[The problem] In your copy, drop the images and return each record exactly as it stands.
(Exercise inputs begins)
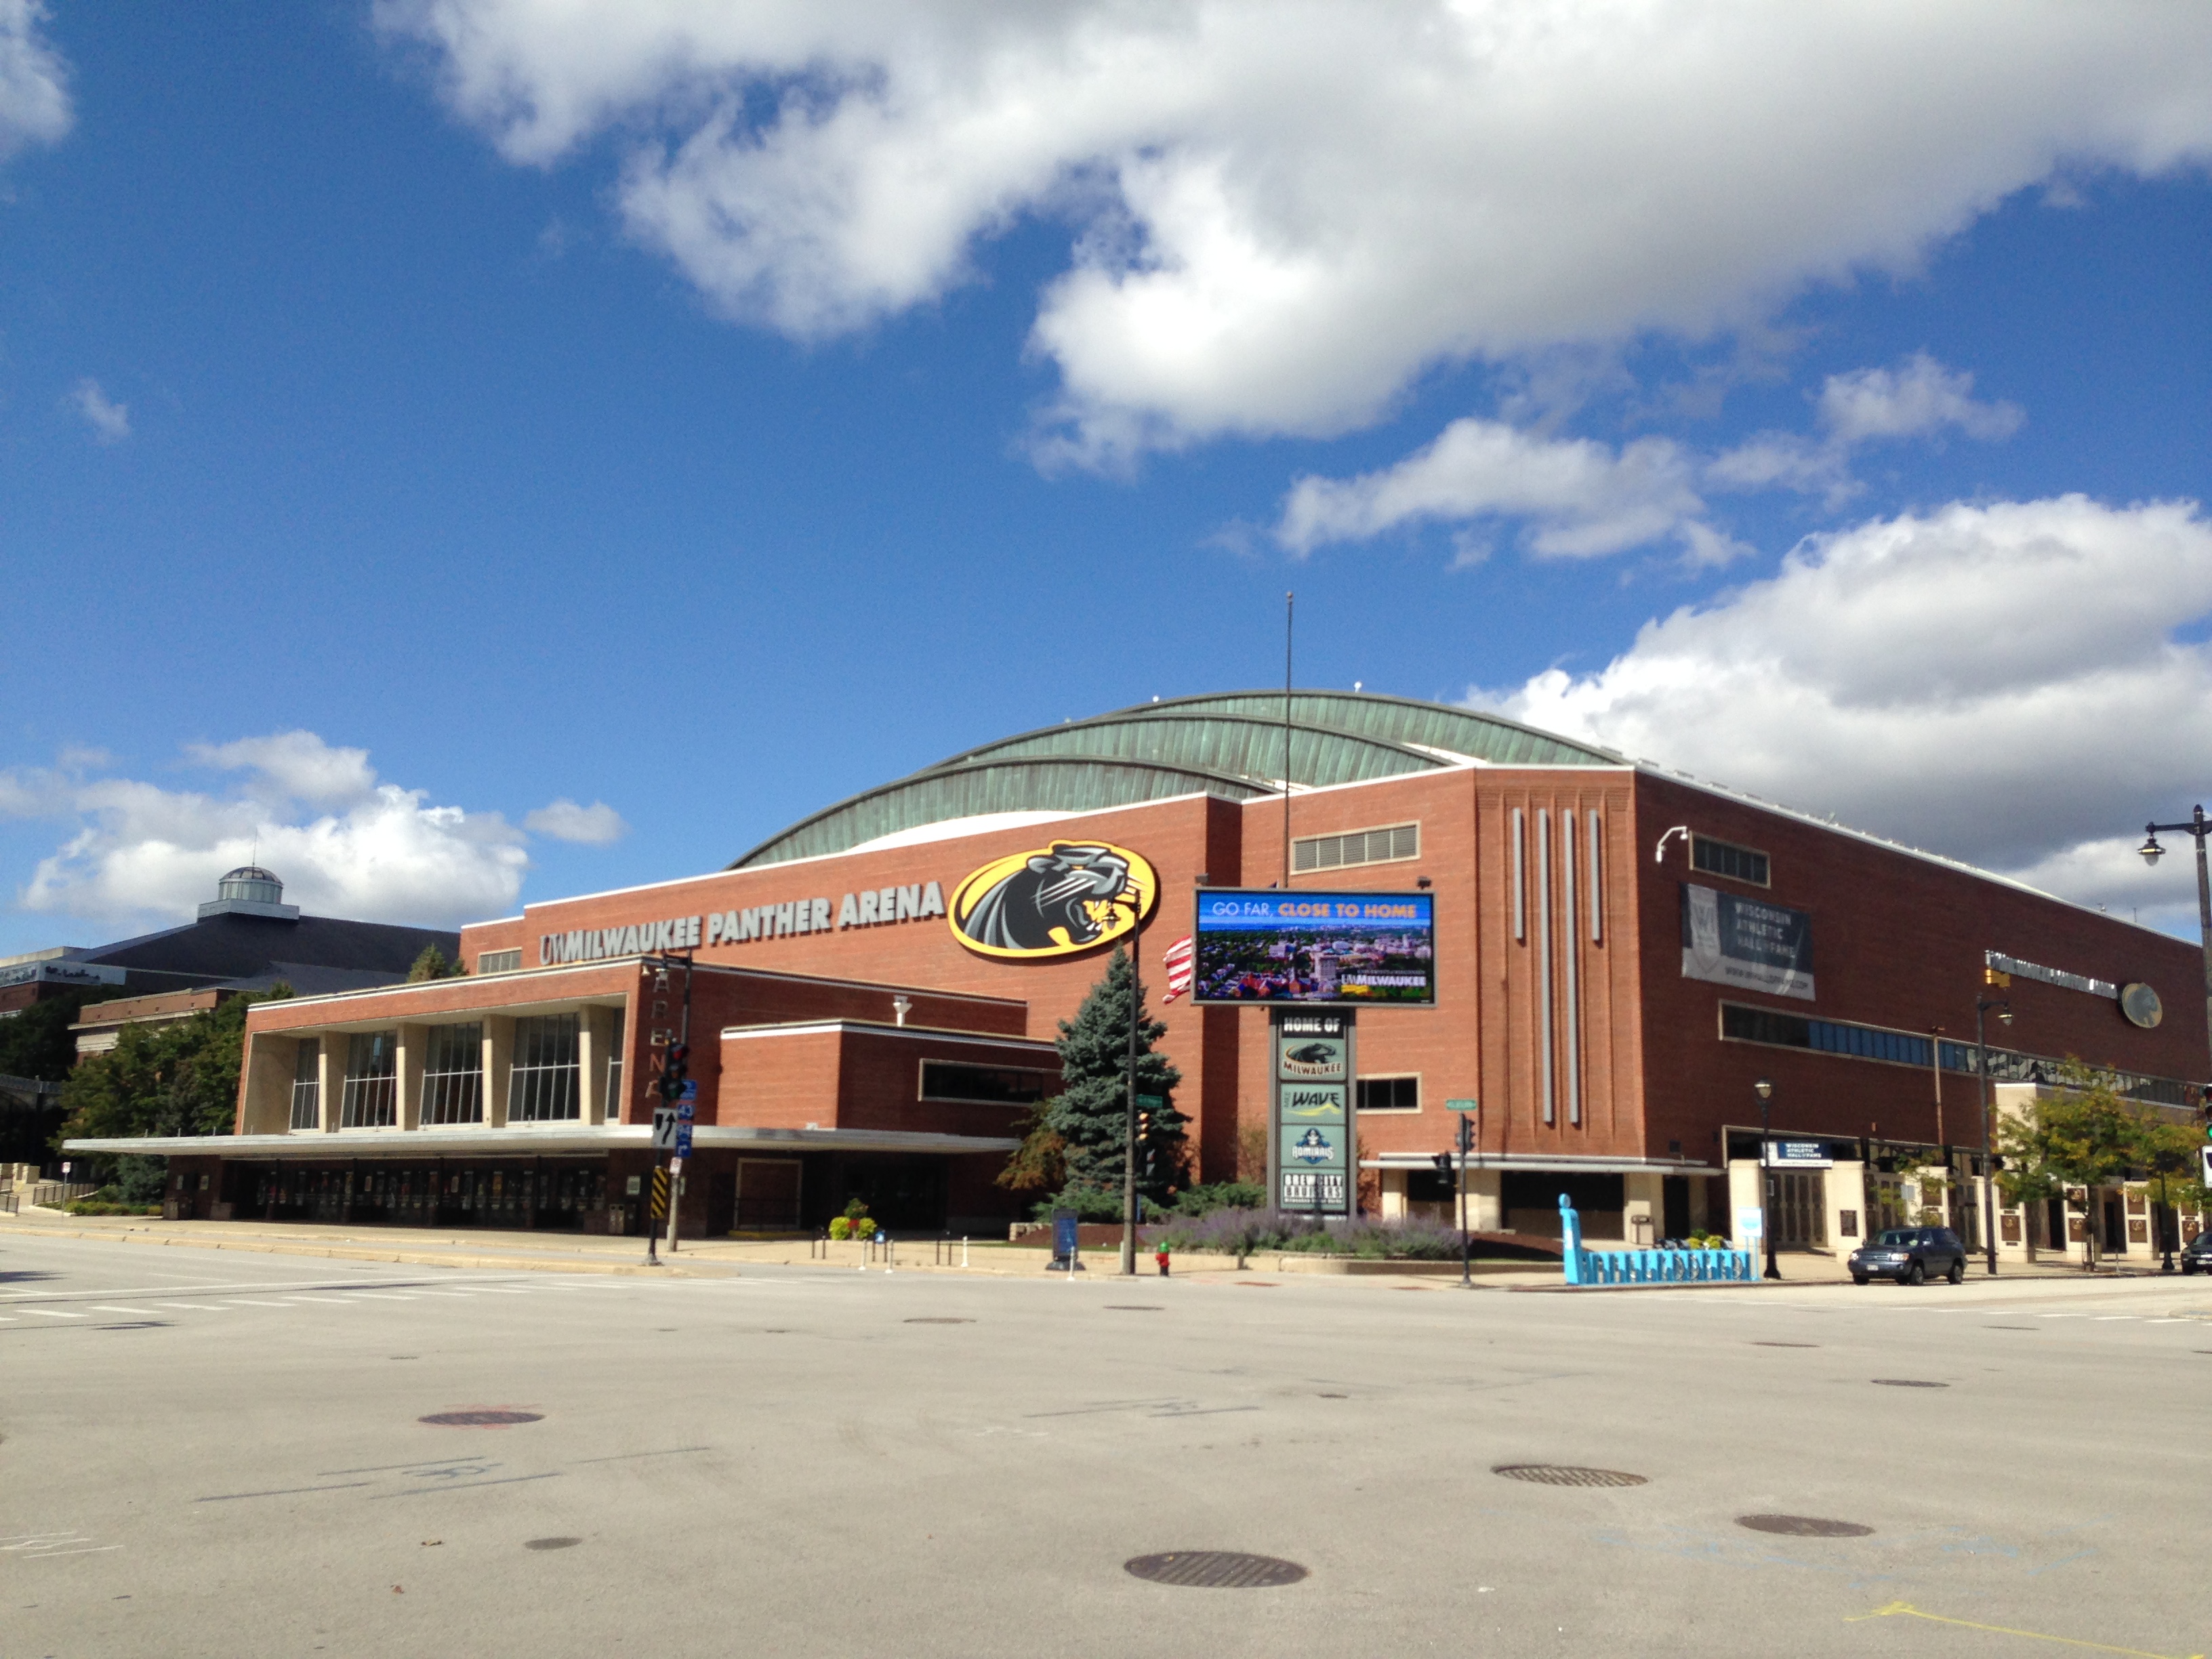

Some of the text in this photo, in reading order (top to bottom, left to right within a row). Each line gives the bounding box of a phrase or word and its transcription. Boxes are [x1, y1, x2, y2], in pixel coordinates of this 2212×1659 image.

[707, 898, 833, 945] PANTHER
[837, 881, 946, 929] ARENA
[1212, 902, 1417, 919] GO FAR, CLOSE TO HOME
[1735, 901, 1791, 926] WISCONSIN
[1737, 918, 1783, 939] ATHLETIC
[1284, 1017, 1340, 1032] HOME OF
[1282, 1061, 1343, 1076] MILWAUKEE
[1292, 1091, 1340, 1108] WAVE
[1285, 1174, 1342, 1186] BREW CITY
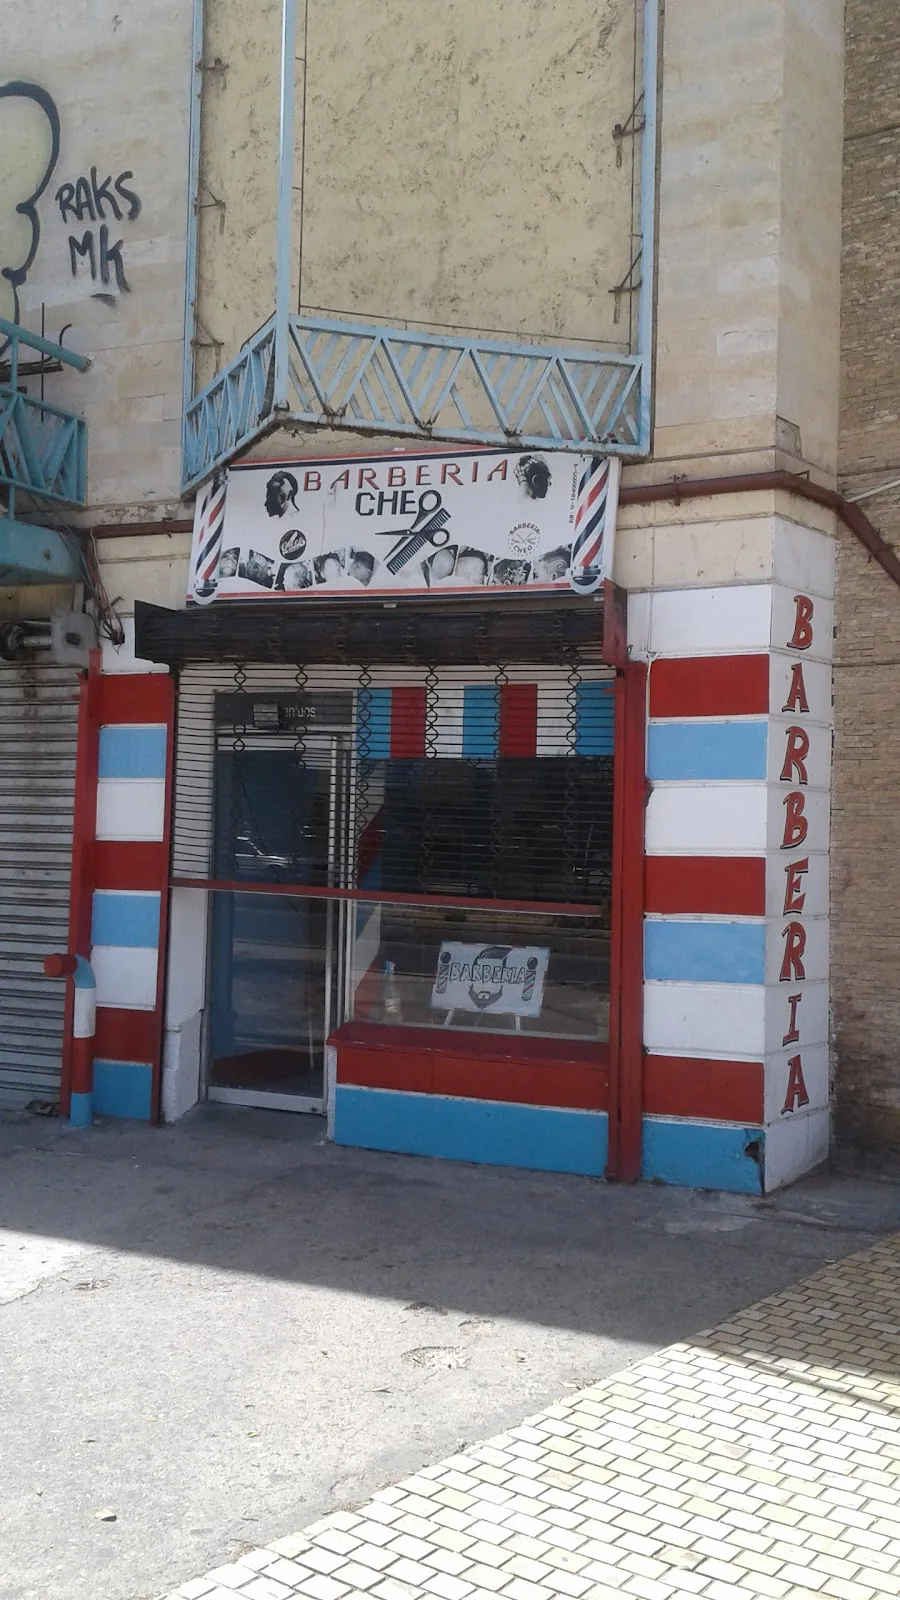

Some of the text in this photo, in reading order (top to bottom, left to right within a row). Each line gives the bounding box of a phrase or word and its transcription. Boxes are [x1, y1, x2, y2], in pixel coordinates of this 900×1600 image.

[55, 165, 142, 223] RAKS
[303, 459, 508, 491] BARBERIA
[509, 522, 541, 536] BARBERIA
[513, 545, 533, 554] CHEO
[780, 594, 814, 1115] BARBERIA
[449, 962, 526, 985] BARBERIA
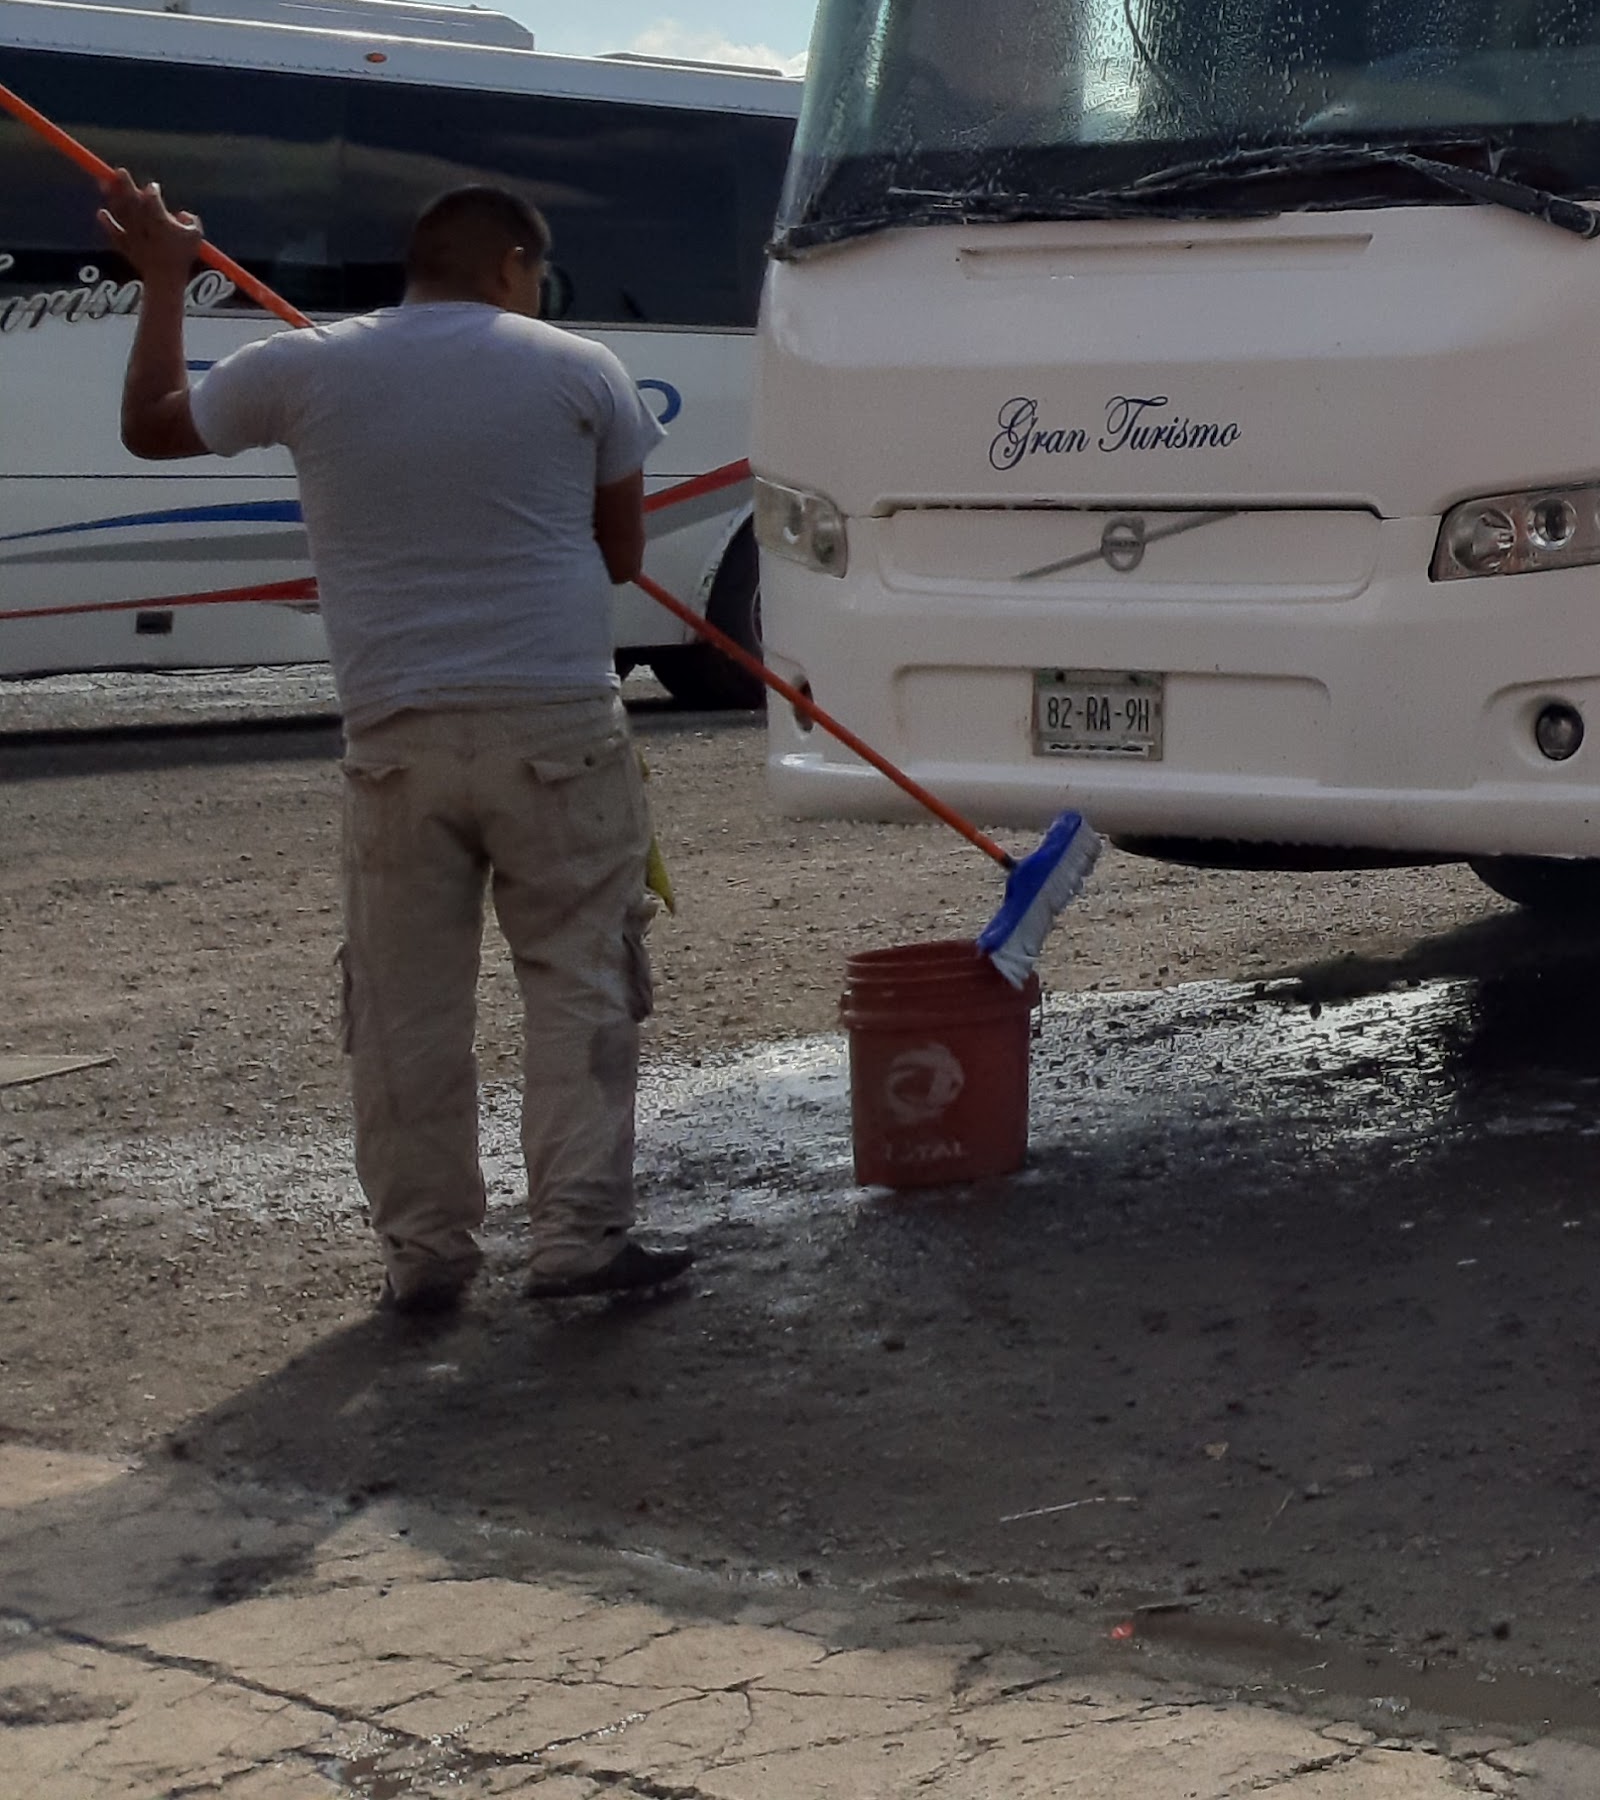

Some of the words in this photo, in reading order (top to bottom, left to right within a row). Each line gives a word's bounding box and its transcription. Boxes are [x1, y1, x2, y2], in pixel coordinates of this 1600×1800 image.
(Exercise inputs ends)
[Reply to the exercise]
Some of the text in this photo, in reading order (top to bottom, left to right within a row). Each line gives the bounding box of a phrase or word and its transcription. Boxes are [x1, y1, x2, y2], in pixel coordinates of this 2212×1659 image.

[707, 898, 833, 945] PANTHER
[837, 881, 946, 929] ARENA
[1212, 902, 1417, 919] GO FAR, CLOSE TO HOME
[1735, 901, 1791, 926] WISCONSIN
[1737, 918, 1783, 939] ATHLETIC
[1284, 1017, 1340, 1032] HOME OF
[1282, 1061, 1343, 1076] MILWAUKEE
[1292, 1091, 1340, 1108] WAVE
[1285, 1174, 1342, 1186] BREW CITY

Some of the text in this photo, in reading order (top to bottom, left to right within a row). Each line gives the bounding box of a phrase or word and its transcription. Boxes are [x1, y1, x2, y2], in pixel coordinates of this 900×1600 image.

[55, 165, 142, 223] RAKS
[303, 459, 508, 491] BARBERIA
[509, 522, 541, 536] BARBERIA
[513, 545, 533, 554] CHEO
[780, 594, 814, 1115] BARBERIA
[449, 962, 526, 985] BARBERIA

Some of the words in this photo, in reading order (top to bottom, left to right within a row). Each line gives a word's bounding box and its transcription. Boxes are [x1, y1, x2, y2], in pixel coordinates of this 1600×1800 image.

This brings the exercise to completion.